Balas no gardenias
Bulevar 11/08/2019 05:00 am         


Es inmensurable el dolor de un país que ve el matar asido a la palabra derecho



Habrá que darle una enjabonada muy fuerte al término colectivo para que se le salga el sucio; para poder usarlo como sinónimo de equipo pero no equipo maltratador de cejijuntos armados hasta los dientes. Habrá que descascararle la pátina brutal y reformar el contenido intimidante en que trocó si se le quiere reivindicar. En eso no podría, aunque quisieran, colaborar los cinco millones de miembros de la Asociación Nacional del Rifle, defensores del arma larga y que mata en cortico a sus paisanos en los Estados Unidos. Defensores a ultranza de la libertad, y en la libertad incluyen el derecho de comprar y portar, como si de una pluma fuente se tratara, el administrador cargado con balas que, al ser detonadas, giran con movimiento de rotación mientras avanzan por el interior del cañón, se estabilizan en el trayecto,

Malencarados como los colectivos porque sin rifles se encuentran amenazados y no al revés, los miembros de este grupo, entre los que se encuentran Donald Trump Junior, protestan contra quienes han insistido en el porte de armas, demócratas en su mayoría, aunque también cada vez más republicanos que convienen en que no solo es peligroso con la hojilla el mono sino su congénere (del, se supone, siguiente escalafón evolutivo), con gatillo.

La solución allá, luego que se ha convertido una y otra vez en tentación consumada para los desalmados armados el matar a diestra y siniestra en cines, hospitales y escuelas, dios, es ponerle más reparo a la compra de compra venta: los aspirantes a hacerse con su tarjeta de crédito de un rifle, fusil, pistola, revólver, escopeta, ametralladora y demás cosas que funcionan con balas que pueden demostrar que están sanos, que les gustan estos objetos pero que no son su deseo. Que tienen la cabeza más o menos organizada y que no tienen antecedentes (tienen que tener no solo licencia de conducir sino que el permiso de porte se otorgará a los "sanos") lo que equivale a decir que antes no se le ponían peros a todo aquél que quería tener una pieza de hacer bang bang y pum pum.

Armado más que un lío (los fallecidos en las descocadas razzias —valga la redundancia— son deudas que no repara ni otro disparo ni la pena de muerte), es inmensurable el dolor de un país que ve el matar asido a la palabra derecho. Ve la muerte ideologizada. Instituida Con sus dependencias, y apuntando al blanco a sus aguerridos adalidas que creen que un gatillo, alegre o triste, vale más que una persona, vaya creencia, vaya forma de ejercer el poder.
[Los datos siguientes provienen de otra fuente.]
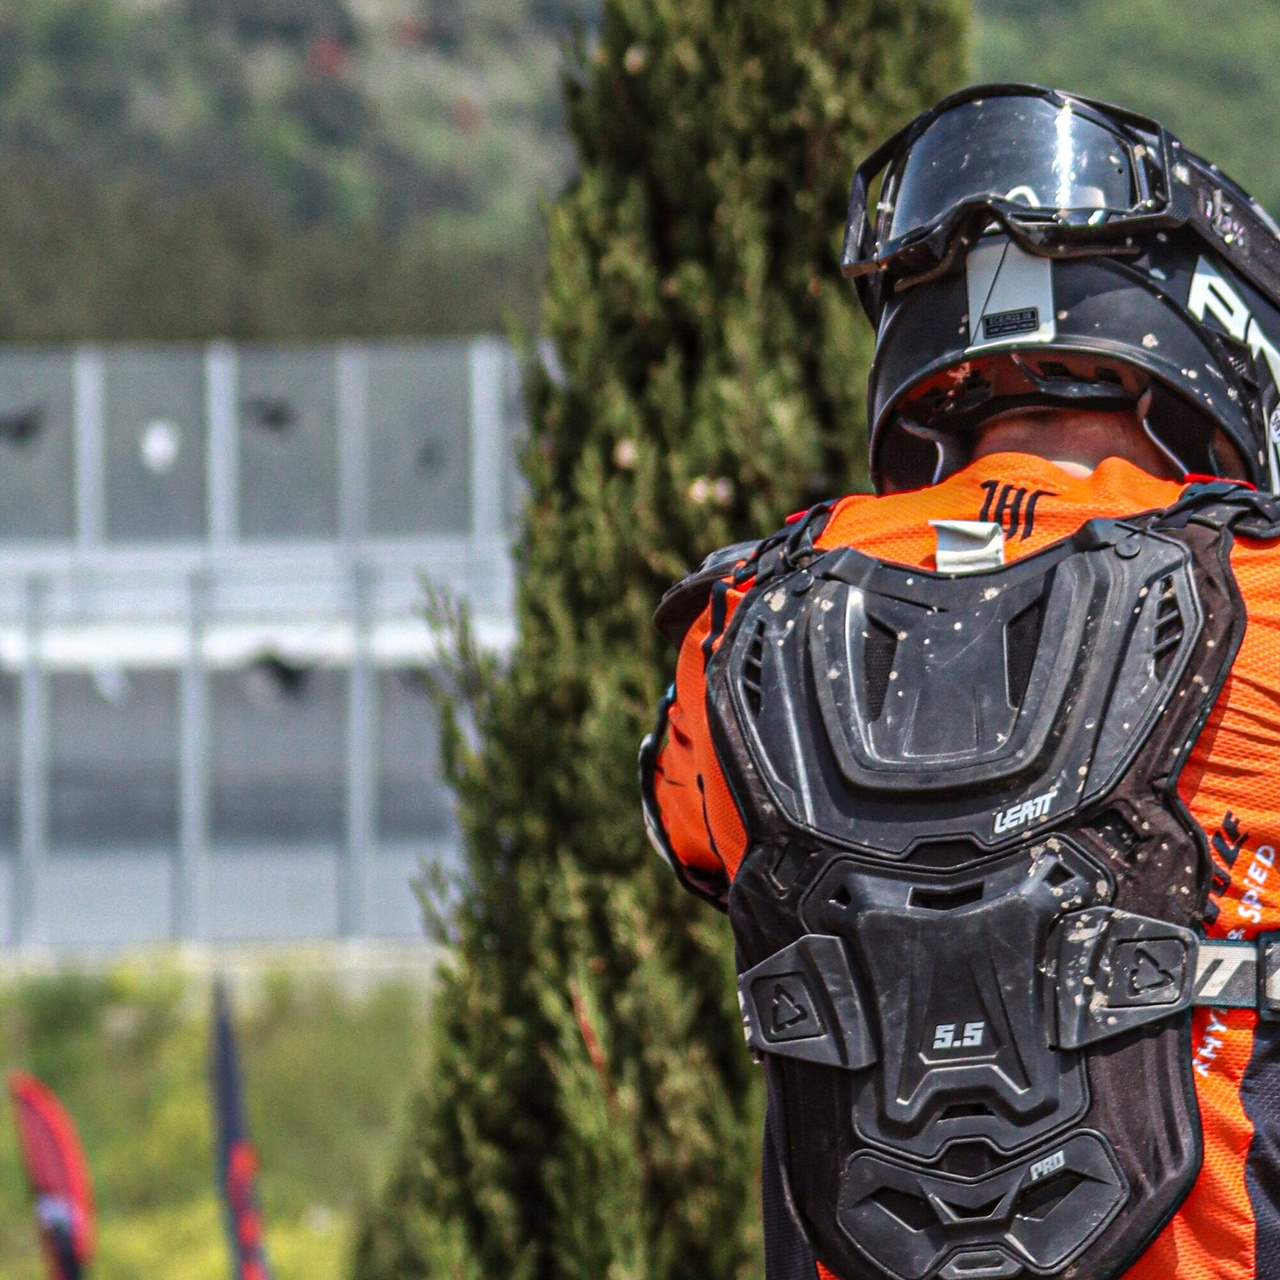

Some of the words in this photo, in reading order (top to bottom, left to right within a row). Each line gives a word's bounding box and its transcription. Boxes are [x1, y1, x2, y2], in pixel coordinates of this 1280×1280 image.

[994, 790, 1058, 834] LEATT
[933, 1021, 985, 1049] 5.5
[1030, 1150, 1065, 1181] PRO
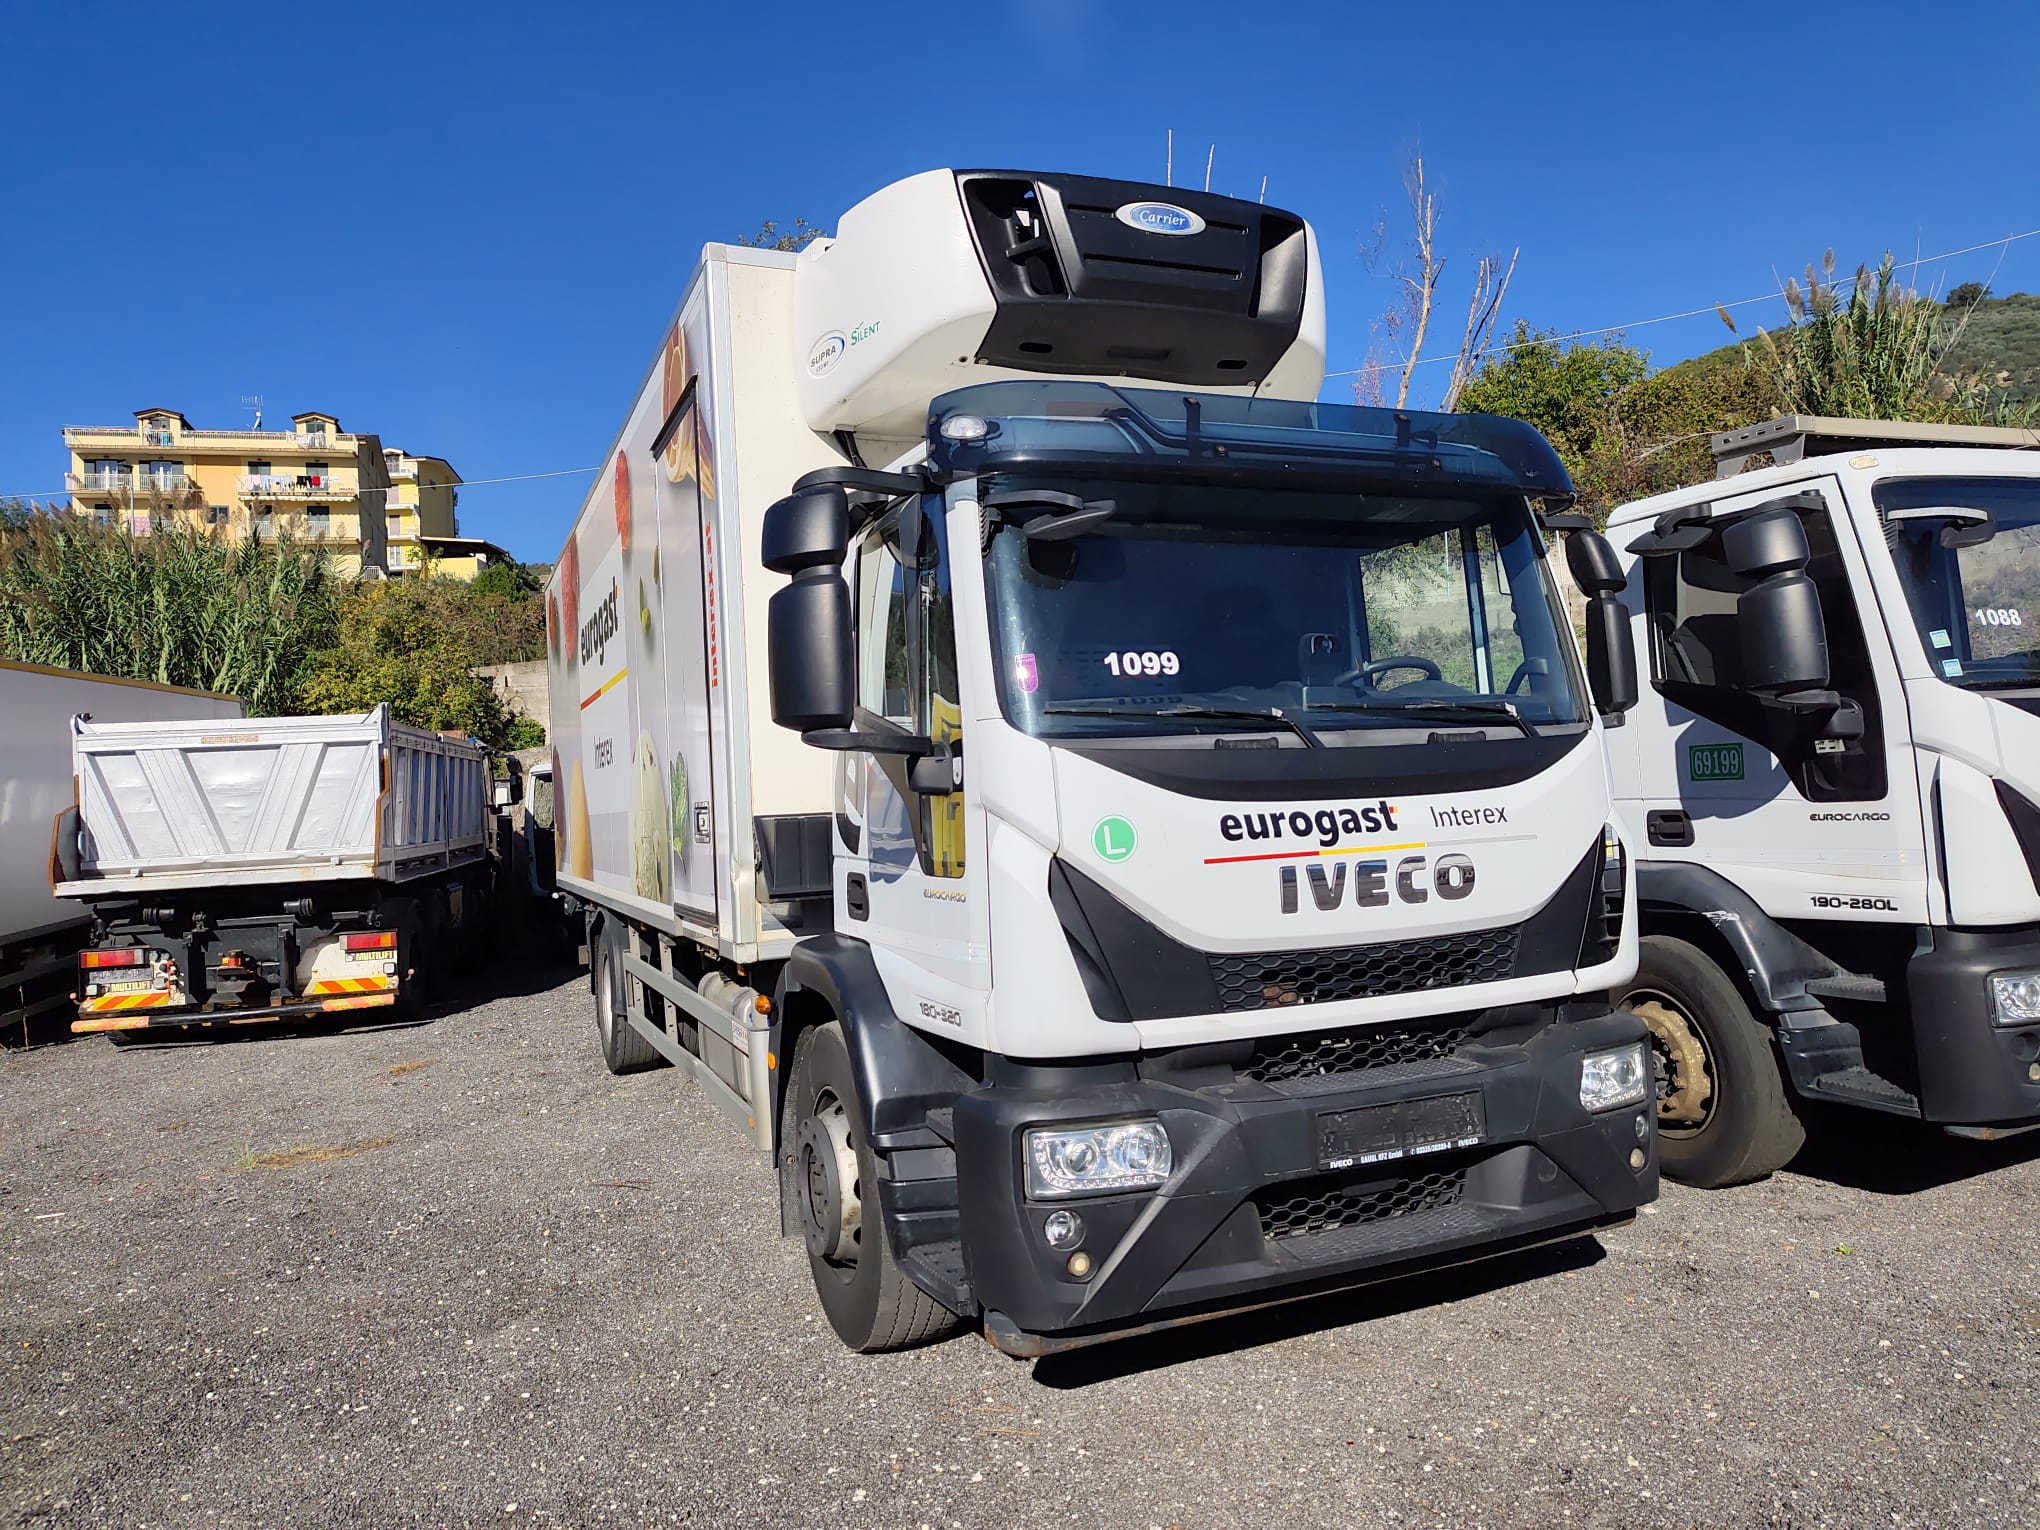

La asociación estadounidense tal vez también sufra una enjabonada, quizás los vientos no siempre sean vencidos y están en contra, qué riesgo la guerra y vivir un punto de abrir fuegos, no juegos, y estar persuadido de que matar soluciona , y que matar salva, muertes por muerte no hemos vivido.

Volviendo al giro de la bala en el rifle, según informan las redes, es el responsable de que, al chocar la bala contra un blanco duro y resistente al final de su trayectoria se deforme produciendo un silbido característico tras alterar su forma aerodinámica. Nunca un silbido fue tan letal. Mi abuelo dijo que en los pueblos, en las noches de farolas apagadas, los hombres silban para darse valor, en este caso el silbido es la cobardía. ¿Cuántos colectivos hay? ¿Cuántos expolicías y hampones se confunden bajo ese signo que se cree justiciero? ¿De qué derecho se habla? ¿Ven a mi que traigo flor?

¿Qué hace guindada de un fusil la palabra amor ?, diría Cadenas.